Akibat kesalahan distribusi dan pemberitaan yang tendensius Penulis FLP dirugikan
Di suatu pagi, beberapa hari yang lalu, ketika memasuki tempat kerja, saya dihadang oleh Asri Istiqomah, ketua FLP Solo Raya. Dengan wajah tegang, ia berkata, “Mbak, ada kasus!” ujarnya. “Buku mbak Jazim dan mas Galang ditarik dari perpustakaan SD di Kebumen.”
Sebagai anggota Forum Lingkar Pena, kami tentu mengenal kedua nama yang disebut oleh Asri. Jazimah Al-Muhyi, dan Galang Lufityanto. Mereka adalah salah dua dari ribuan anggota FLP, dan termasuk anggota yang cukup produktif .
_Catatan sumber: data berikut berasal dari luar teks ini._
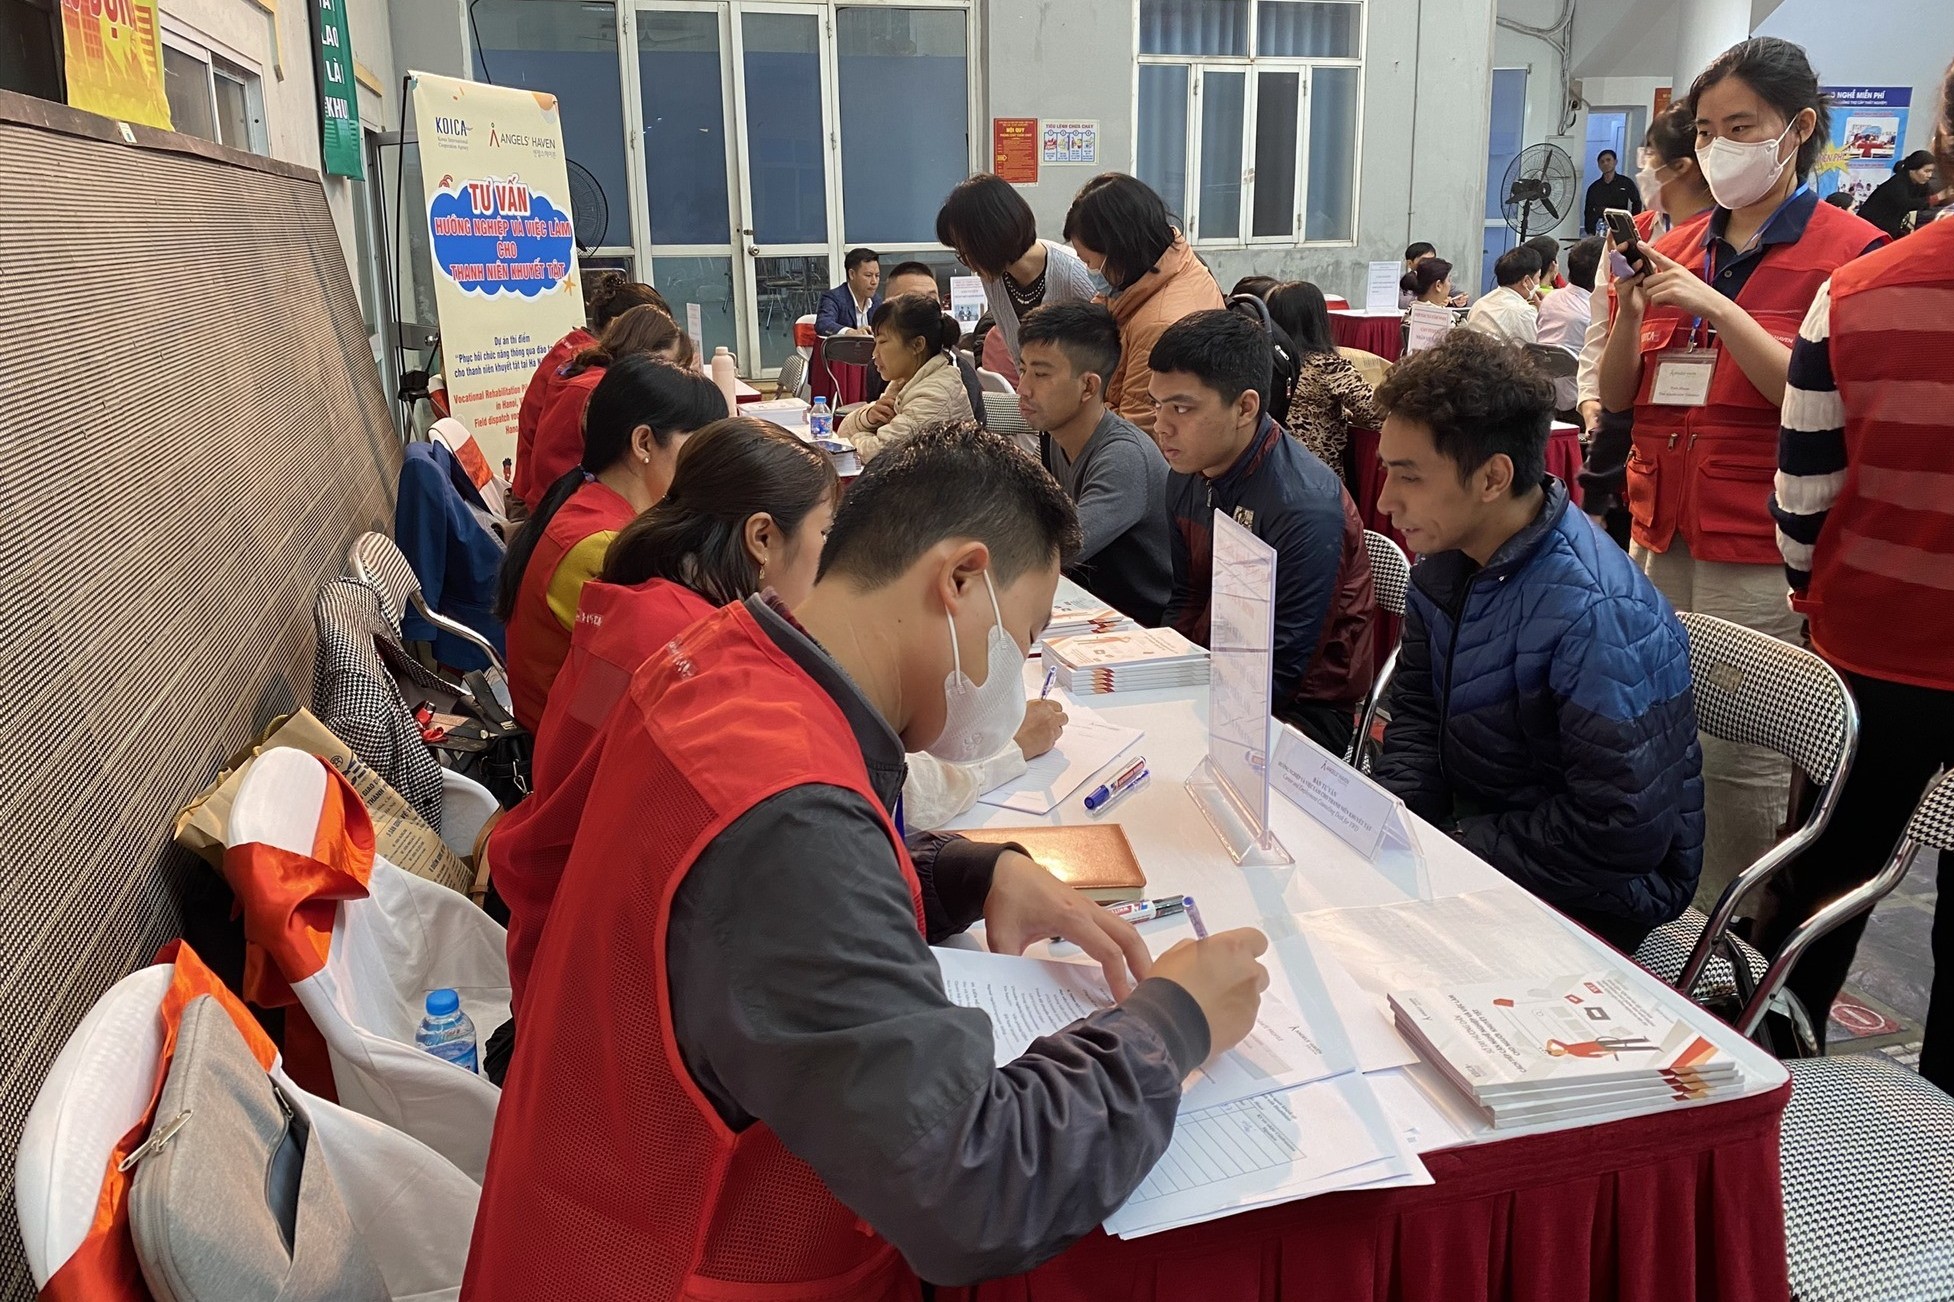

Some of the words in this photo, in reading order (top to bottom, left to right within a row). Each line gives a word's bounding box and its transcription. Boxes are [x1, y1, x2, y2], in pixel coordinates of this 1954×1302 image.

[1837, 89, 1855, 99] NGHỀ
[1873, 90, 1885, 99] PHÍ
[435, 116, 468, 136] KOICA
[531, 137, 556, 149] HAVEN
[468, 181, 493, 211] TƯ
[495, 176, 529, 213] VẤN
[474, 216, 509, 240] NGHIỆP
[511, 216, 524, 236] VÀ
[525, 217, 547, 240] VIỆC
[549, 218, 571, 237] LÀM
[497, 241, 518, 259] CHO
[450, 264, 484, 281] THANH
[486, 260, 508, 280] NIÊN
[510, 258, 545, 280] KHUYẾT
[547, 259, 565, 280] TẬT
[526, 348, 535, 357] qua
[455, 368, 465, 377] cho
[467, 365, 482, 376] thanh
[483, 363, 494, 373] niên
[495, 360, 512, 373] khuyết
[453, 391, 484, 404] Vocational
[485, 386, 521, 399] Rehabilitation
[502, 400, 518, 410] Hanoi,
[474, 416, 487, 428] Field
[488, 414, 510, 427] dispatch
[362, 783, 375, 796] GIAO
[367, 789, 384, 805] THÀNH
“Mengapa ditarik?” tanyaku, heran.
Bukannya menjawab pertanyaan saya, Asri justru menarik tangan saya dan membawa saya ke depan layar komputer. Ia menunjuk sebuah link dari sebuah surat kabar online. Kami membaca berita yang terpampang di sana dengan kening berkerut. Buku Jazimah Al-Muhyi, Ada Duka Di Wibeng, dan buku Galang Lufityanto, Tidak Hilang Sebuah Nama, dinilai meresahkan, karena dituding sebagai buku porno.
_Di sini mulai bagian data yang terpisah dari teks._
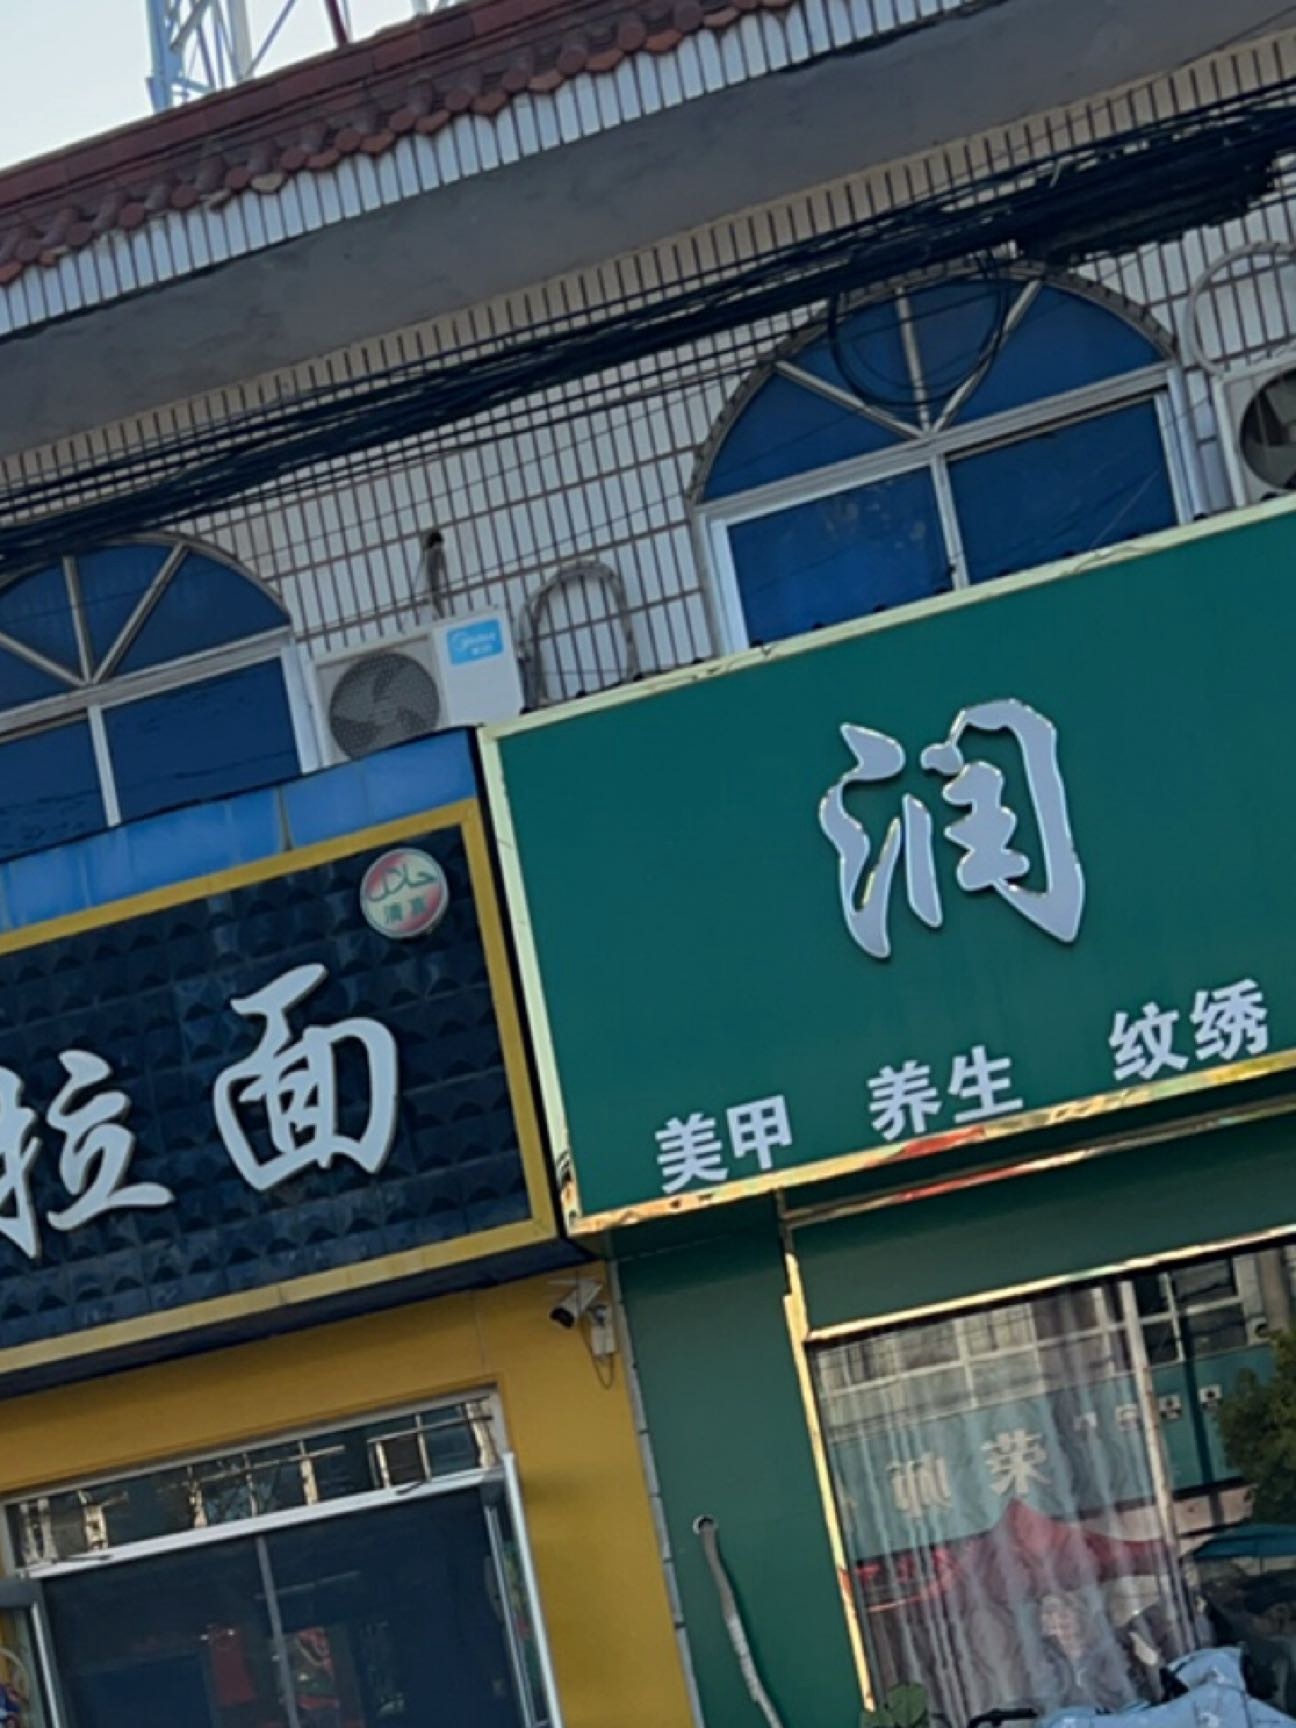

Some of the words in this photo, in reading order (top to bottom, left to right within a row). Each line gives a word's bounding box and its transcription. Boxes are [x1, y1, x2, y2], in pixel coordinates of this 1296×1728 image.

[819, 698, 1084, 958] 润
[655, 1095, 793, 1194] 美甲
[867, 1045, 1023, 1141] 养生
[1109, 979, 1270, 1081] 纹绣
Selain dua buku tersebut, ada dua buku yang lain, yakni Tambelo: Kembalinya Si Burung Camar dan Tambelo: Meniti Hari di Ottawa keduanya ditulis oleh Redhite K. Berselang beberapa hari kemudian, ternyata buku yang dikategorikan ‘porno’ yang beredar di perpustakaan SD, bertambah lagi, yakni Syahid Samurai (penulis: Afifah Afra, saya sendiri), Festival Syahadah (penulis: Izzatul Jannah), dan Sabuk Kiai (penulis: Dadang A. Dahlan). Jadi, ada 7 buku ‘porno’ (ada media yang menulis cabul, juga tak senonoh) ditemukan di rak-rak buku SD. Seperti hampir kebetulan, ketujuh buku tersebut ternyata diterbitkan oleh penerbit yang sama, yakni PT Era Adicitra Intermedia. Dan, ‘kebetulan’ itu kian menjadi-jadi, karena 4 dari 7 buku tersebut, ternyata ditulis oleh anggota Forum Lingkar Pena! Jangan tuduh saya suka mencari-cari kebetulan, karena dari 4 anggota FLP tersebut, salah satu adalah ketua umumnya, Intan Savitri alias Izzatul Jannah.
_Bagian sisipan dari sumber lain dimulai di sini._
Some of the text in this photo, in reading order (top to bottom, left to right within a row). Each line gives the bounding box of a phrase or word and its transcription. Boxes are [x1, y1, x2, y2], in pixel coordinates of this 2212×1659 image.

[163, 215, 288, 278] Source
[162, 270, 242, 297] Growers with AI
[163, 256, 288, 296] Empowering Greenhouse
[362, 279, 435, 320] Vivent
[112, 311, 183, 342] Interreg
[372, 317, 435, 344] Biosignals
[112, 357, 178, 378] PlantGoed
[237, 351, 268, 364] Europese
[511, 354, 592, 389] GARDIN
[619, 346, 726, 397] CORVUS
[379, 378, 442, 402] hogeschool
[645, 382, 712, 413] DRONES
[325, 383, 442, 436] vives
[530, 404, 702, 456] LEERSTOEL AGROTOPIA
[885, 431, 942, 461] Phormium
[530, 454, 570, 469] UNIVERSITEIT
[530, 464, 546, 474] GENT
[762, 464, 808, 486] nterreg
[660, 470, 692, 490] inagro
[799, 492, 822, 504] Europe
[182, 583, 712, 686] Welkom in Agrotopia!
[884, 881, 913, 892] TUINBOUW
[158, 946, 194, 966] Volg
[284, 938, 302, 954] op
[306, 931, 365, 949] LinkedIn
Kasus ini akhirnya memang menyeruak, karena begitu banyak media, baik online, cetak, radio maupun televisi yang dengan gencar memwartakannya. Berikut ini adalah petikan dari beberapa media:
Novel Ada Duka di Wibeng sarat muatan seksual yang tak layak dibaca murid SD, pada beberapa bagian, tertulis dalam novel tersebut, anjuran untuk melakukan hubungan seksual yang aman alias tidak hamil, dan membenarkan hubungan seksual siswa SMP dengan asas suka sama suka. Sedangkan novel Syahid Samurai, novel tersebut dianggap penghancur moral anak-anak dengan menyajikan cerita berbau seksual dengan wanita kedua. (Republika Jabar, 12 Juni 2012).
Contohnya, cerita dalam buku Ada Duka di Wibeng. Secara vulgar buku karya Jazimah Al Muhyi, itu mengumbar cerita tentang seks bebas. Tidak hanya itu. Buku ini juga mengajarkan cara orang berhubungan intim yang aman dari kemungkinan kehamilan. (http://banjarmasin.tribunnews.com/2012/06/09/proyek-porno-disdik).
Betulkah Itu Buku Lucah?
Jika memang buku-buku tersebut memang seperti yang diberitakan oleh media, tentu kiamat memang telah terjadi di perpustakaan SD. Bagaimana mungkin generasi muda kita akan tumbuh menjadi generasi berkarakter, jika dalam usia sedini itu telah dijejali oleh bacaan-bacaan lucah (porno)? Dan, betapa kejamnya saya, karena menjadi bagian dari penghancur moral anak bangsa!
Tetapi, tunggu dulu! Betulkah ketujuh buku tersebut buku lucah?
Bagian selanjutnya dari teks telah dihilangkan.